【ゴルフ】藤田光里が語る優勝秘話「私を変えた83の大たたき」 (3ページ目)

  • 金明昱●文 text by Kim Myung-Wook
  • photo by Sueishi Naoyoshi,Getty Images

どん底を味わってから、それまでとは練習方法も変えたという藤田。どん底を味わってから、それまでとは練習方法も変えたという藤田。「前半戦は、調子がいいというよりも、“流れ”で上位にいられた、という感じでした。後半戦はいろいろあって、精神的にもつらい時期でした。それで、ショットもバラバラになって、クラブを握るのも嫌になっていました」

 そうした状況の中、一番近くで支えてくれたのが、大江キャディーだった。どん底の状況にあっても、辛抱強く見守って、藤田のプレイの後押しをした。そして藤田は、大江キャディーと相談して、練習方法の改善も行なった。

「練習方法については、キャディーさんといろいろと話をして、試行錯誤を繰り返してきました。その中で、最も大きく変えたのは、自分の一番の弱点だと思っているアプローチの練習です。今までは、これくらいの振り幅だったら何ヤードくらい、という漠然としたもので、すごく感覚的なものでしかなかった。それだと中途半端というか、球の出方がバラバラだったんです。

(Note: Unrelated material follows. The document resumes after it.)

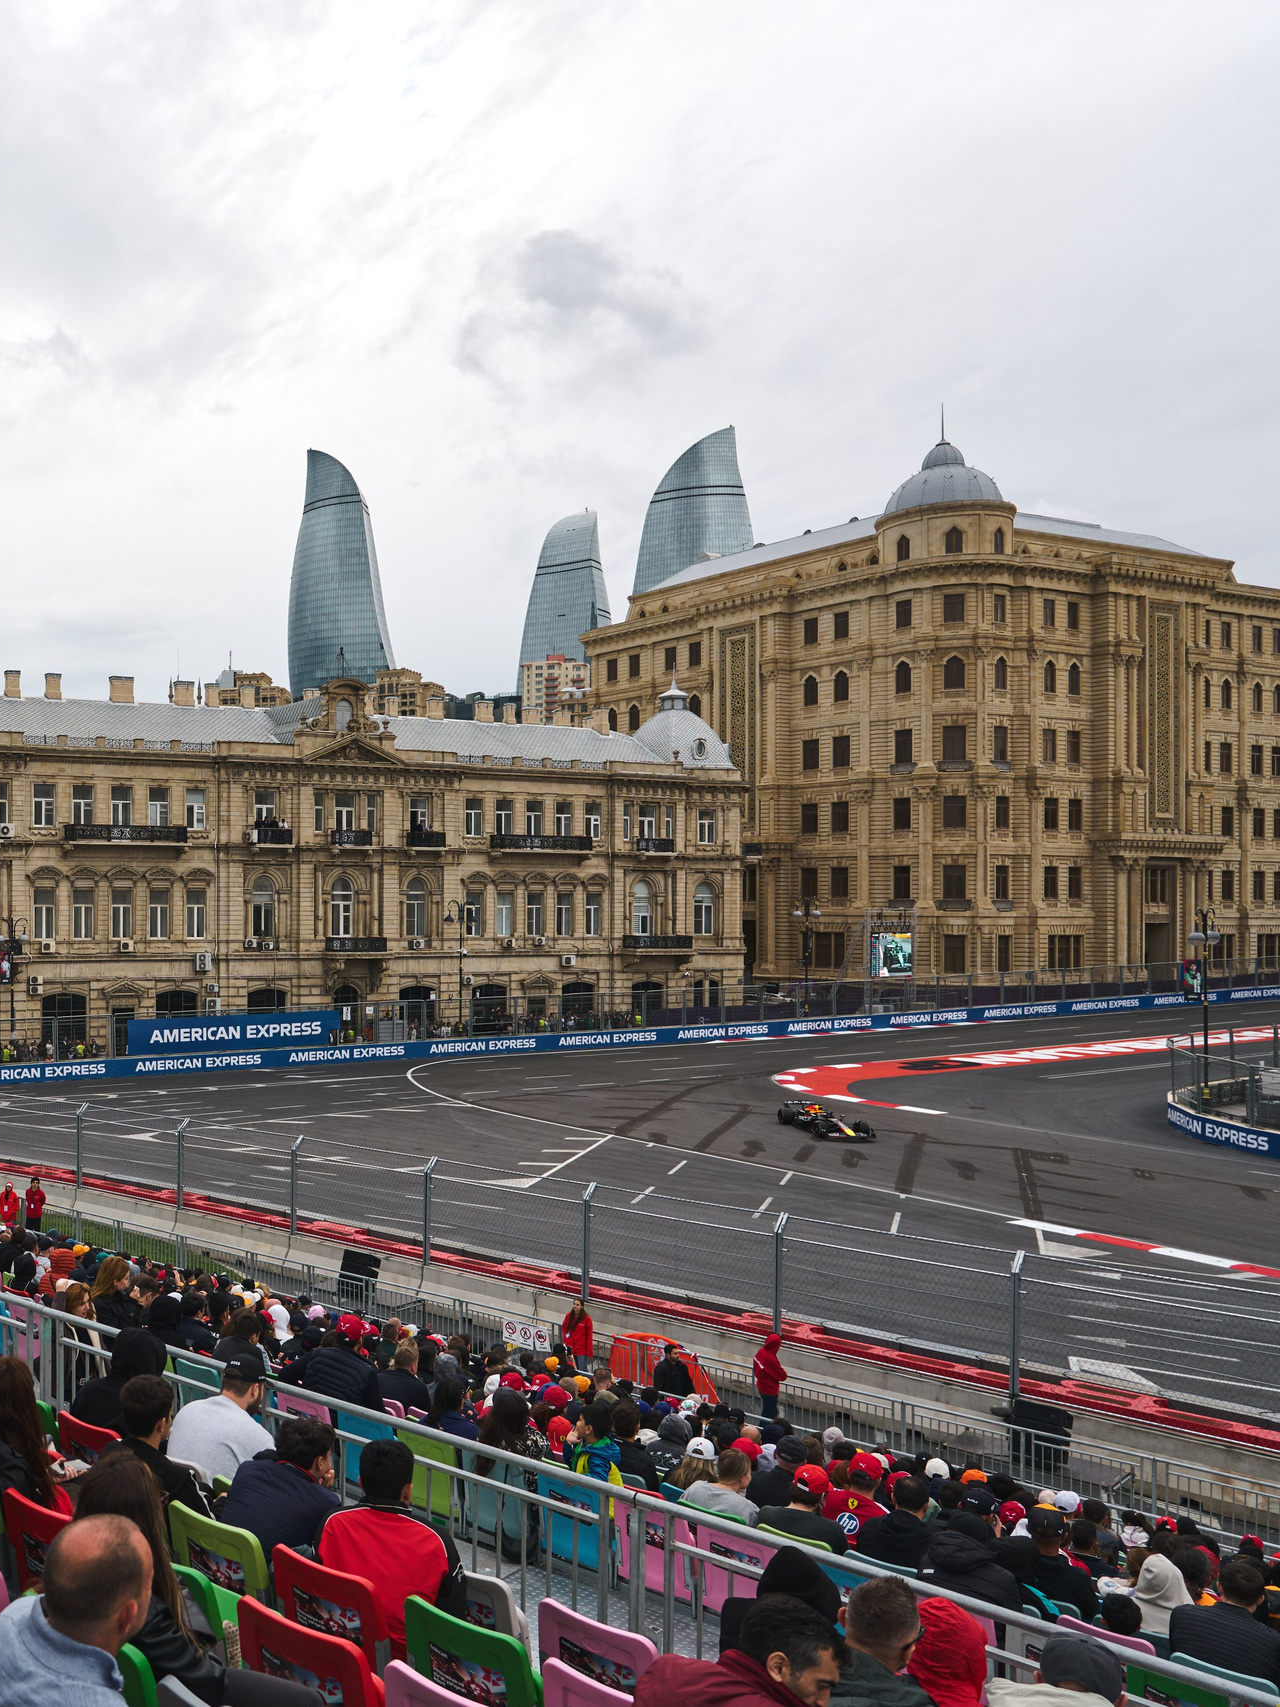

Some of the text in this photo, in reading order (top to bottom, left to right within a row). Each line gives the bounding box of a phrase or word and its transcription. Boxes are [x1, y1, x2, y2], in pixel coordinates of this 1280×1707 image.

 それを、しっかりと距離を測って、その場所に落とす、という練習に変えました。今では、1ヤード刻みで距離感をつかむ練習を徹底的にやっています。例えば、残り69ヤードだったら、その(距離を打つ)番手でのスイングができるよう、その形を体にしみ込ませています」

 藤田はこれまで、自らのアイアンの番手でどれぐらいの距離が出るのか、明確に把握していなかったという。それは、プロゴルファーとしては致命的なことだが、ジュニア時代から活躍している女子プロゴルファーには、そうやって感覚的にプレイしている選手が少なくない。ゆえに、アマチュアとプロとのコースセッティングの違いなどにうまく対応できず、ジュニア時代には強かった選手が、プロではまったく勝てない、ということがよく見受けられる。